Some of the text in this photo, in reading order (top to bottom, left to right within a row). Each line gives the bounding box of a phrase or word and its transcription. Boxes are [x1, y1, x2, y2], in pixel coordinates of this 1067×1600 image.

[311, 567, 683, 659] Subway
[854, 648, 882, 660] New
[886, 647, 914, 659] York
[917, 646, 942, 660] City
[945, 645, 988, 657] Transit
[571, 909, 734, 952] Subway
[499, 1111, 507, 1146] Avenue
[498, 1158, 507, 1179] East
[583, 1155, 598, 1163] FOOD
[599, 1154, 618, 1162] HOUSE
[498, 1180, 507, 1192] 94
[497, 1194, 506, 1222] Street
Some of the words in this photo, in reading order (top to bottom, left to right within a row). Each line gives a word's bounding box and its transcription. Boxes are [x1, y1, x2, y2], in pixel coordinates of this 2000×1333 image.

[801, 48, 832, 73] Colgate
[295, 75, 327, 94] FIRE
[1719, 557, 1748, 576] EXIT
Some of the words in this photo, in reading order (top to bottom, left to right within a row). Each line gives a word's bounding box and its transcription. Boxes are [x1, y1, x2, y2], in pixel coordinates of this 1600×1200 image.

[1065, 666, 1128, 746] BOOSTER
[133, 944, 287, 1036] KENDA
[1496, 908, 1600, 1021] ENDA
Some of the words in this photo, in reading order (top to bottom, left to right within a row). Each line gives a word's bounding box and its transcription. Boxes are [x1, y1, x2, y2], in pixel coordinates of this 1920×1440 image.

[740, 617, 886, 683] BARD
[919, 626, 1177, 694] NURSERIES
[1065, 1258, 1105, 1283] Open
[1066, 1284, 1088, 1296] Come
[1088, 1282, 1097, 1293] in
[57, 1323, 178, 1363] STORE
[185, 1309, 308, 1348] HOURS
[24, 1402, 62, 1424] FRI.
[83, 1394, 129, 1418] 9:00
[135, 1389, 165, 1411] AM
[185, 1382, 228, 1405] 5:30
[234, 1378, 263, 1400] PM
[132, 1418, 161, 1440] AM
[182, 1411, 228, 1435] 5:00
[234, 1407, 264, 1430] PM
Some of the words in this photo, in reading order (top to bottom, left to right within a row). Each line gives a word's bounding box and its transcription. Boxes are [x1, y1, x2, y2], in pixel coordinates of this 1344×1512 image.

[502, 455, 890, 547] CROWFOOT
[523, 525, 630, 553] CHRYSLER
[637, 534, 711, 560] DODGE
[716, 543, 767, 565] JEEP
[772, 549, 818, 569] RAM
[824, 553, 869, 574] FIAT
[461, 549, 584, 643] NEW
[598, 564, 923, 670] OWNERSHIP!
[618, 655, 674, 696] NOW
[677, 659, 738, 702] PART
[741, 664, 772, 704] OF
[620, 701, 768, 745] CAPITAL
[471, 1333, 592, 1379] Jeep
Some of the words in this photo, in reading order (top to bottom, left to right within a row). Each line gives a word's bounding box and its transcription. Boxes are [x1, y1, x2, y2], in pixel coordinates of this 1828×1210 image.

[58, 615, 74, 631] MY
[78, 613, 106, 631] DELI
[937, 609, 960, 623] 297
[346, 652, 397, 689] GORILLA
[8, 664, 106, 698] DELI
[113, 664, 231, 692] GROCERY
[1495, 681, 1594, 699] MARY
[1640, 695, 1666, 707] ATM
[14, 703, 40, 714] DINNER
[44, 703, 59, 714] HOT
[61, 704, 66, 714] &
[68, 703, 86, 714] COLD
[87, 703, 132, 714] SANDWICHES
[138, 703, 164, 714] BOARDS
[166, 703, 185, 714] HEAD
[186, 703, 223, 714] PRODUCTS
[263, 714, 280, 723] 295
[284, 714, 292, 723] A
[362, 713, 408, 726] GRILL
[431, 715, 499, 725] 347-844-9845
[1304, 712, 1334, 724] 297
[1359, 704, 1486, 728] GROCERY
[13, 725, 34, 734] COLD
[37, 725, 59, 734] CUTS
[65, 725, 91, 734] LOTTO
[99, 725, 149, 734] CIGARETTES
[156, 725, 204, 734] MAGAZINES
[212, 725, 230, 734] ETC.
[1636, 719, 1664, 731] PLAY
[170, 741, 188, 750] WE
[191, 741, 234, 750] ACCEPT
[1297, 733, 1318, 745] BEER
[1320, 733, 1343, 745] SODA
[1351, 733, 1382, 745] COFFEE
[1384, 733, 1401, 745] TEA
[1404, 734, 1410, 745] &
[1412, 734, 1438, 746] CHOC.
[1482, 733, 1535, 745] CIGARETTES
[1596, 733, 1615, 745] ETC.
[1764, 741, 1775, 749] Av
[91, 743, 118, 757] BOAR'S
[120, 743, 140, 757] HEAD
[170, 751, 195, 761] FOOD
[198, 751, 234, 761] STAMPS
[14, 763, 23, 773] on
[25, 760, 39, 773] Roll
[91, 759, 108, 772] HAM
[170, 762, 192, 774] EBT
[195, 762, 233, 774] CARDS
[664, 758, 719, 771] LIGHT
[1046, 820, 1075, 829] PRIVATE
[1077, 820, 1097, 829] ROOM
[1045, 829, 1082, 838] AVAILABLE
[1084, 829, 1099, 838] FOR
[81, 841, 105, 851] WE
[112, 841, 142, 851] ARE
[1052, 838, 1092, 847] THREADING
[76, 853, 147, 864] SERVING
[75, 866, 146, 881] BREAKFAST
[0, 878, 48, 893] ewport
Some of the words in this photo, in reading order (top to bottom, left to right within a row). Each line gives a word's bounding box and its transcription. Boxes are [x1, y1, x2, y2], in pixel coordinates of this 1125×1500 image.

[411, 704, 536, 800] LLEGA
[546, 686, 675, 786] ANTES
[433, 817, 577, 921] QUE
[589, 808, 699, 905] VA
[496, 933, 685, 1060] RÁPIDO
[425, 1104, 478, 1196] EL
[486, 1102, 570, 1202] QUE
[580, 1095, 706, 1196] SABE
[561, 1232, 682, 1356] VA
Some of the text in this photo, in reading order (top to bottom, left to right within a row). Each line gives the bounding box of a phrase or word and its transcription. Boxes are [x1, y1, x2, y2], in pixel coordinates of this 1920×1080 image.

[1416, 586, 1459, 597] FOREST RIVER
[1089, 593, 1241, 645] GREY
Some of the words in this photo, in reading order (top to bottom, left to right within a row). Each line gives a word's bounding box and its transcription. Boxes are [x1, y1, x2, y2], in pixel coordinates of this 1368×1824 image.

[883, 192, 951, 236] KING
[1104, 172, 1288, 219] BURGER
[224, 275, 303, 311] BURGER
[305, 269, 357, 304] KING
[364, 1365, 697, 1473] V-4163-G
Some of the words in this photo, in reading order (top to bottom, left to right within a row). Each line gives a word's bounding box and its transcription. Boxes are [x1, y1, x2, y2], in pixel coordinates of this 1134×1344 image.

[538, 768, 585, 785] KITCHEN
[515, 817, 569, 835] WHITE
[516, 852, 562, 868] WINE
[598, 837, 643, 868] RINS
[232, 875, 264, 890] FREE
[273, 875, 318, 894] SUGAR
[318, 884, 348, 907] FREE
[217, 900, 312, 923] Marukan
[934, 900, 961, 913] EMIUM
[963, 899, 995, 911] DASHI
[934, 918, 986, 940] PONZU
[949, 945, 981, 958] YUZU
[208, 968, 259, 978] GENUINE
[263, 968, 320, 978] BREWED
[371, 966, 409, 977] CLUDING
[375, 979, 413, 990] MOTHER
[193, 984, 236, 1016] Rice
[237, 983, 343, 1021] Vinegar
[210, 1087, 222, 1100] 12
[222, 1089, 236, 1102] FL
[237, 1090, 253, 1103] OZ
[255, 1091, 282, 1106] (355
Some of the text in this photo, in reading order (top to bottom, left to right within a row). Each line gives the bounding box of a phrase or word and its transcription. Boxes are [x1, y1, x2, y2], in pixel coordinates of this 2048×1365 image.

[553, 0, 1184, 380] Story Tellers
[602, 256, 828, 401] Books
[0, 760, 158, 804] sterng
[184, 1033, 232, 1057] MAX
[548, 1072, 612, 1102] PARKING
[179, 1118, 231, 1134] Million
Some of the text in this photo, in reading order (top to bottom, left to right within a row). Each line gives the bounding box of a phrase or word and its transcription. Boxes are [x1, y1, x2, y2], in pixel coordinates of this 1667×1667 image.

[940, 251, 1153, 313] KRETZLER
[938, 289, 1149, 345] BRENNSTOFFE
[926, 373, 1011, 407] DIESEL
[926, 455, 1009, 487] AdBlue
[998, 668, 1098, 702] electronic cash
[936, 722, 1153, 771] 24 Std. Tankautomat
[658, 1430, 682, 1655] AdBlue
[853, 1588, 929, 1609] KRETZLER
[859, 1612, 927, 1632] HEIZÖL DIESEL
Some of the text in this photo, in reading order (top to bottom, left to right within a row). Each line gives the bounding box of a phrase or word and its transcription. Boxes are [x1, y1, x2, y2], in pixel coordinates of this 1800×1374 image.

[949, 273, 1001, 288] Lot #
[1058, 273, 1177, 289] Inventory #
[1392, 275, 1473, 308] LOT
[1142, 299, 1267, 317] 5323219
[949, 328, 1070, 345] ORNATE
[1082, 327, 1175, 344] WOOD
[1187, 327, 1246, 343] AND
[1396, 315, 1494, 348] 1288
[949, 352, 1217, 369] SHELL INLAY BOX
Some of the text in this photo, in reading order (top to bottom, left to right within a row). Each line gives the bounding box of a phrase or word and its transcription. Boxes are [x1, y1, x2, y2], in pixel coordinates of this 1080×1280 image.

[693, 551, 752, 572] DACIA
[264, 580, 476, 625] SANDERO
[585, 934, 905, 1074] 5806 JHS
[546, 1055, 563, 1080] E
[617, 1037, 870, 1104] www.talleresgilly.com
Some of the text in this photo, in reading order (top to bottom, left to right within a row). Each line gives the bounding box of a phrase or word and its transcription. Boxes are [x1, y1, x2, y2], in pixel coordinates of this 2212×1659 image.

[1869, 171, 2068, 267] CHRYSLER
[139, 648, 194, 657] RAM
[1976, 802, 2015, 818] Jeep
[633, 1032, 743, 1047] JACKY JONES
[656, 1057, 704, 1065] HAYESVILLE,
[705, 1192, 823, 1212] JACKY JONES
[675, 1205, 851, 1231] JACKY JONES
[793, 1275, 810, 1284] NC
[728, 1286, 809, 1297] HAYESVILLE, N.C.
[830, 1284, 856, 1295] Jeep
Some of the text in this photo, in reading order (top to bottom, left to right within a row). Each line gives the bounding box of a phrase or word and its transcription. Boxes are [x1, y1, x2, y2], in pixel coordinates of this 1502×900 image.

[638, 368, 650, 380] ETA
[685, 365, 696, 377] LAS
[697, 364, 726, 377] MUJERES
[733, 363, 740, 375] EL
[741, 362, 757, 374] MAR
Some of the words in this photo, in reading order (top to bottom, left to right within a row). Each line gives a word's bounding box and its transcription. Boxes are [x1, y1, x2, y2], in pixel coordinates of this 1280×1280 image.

===============

▶ Exercise brief: Starting at the line where "this 1502×900 image." appears, write out every line exactly as it stands until the listing ends, and add nothing.

▶ Exercise response:
Some of the text in this photo, in reading order (top to bottom, left to right within a row). Each line gives the bounding box of a phrase or word and its transcription. Boxes are [x1, y1, x2, y2], in pixel coordinates of this 1502×900 image.

[638, 368, 650, 380] ETA
[685, 365, 696, 377] LAS
[697, 364, 726, 377] MUJERES
[733, 363, 740, 375] EL
[741, 362, 757, 374] MAR
Some of the words in this photo, in reading order (top to bottom, left to right within a row). Each line gives a word's bounding box and its transcription. Boxes are [x1, y1, x2, y2], in pixel coordinates of this 1280×1280 image.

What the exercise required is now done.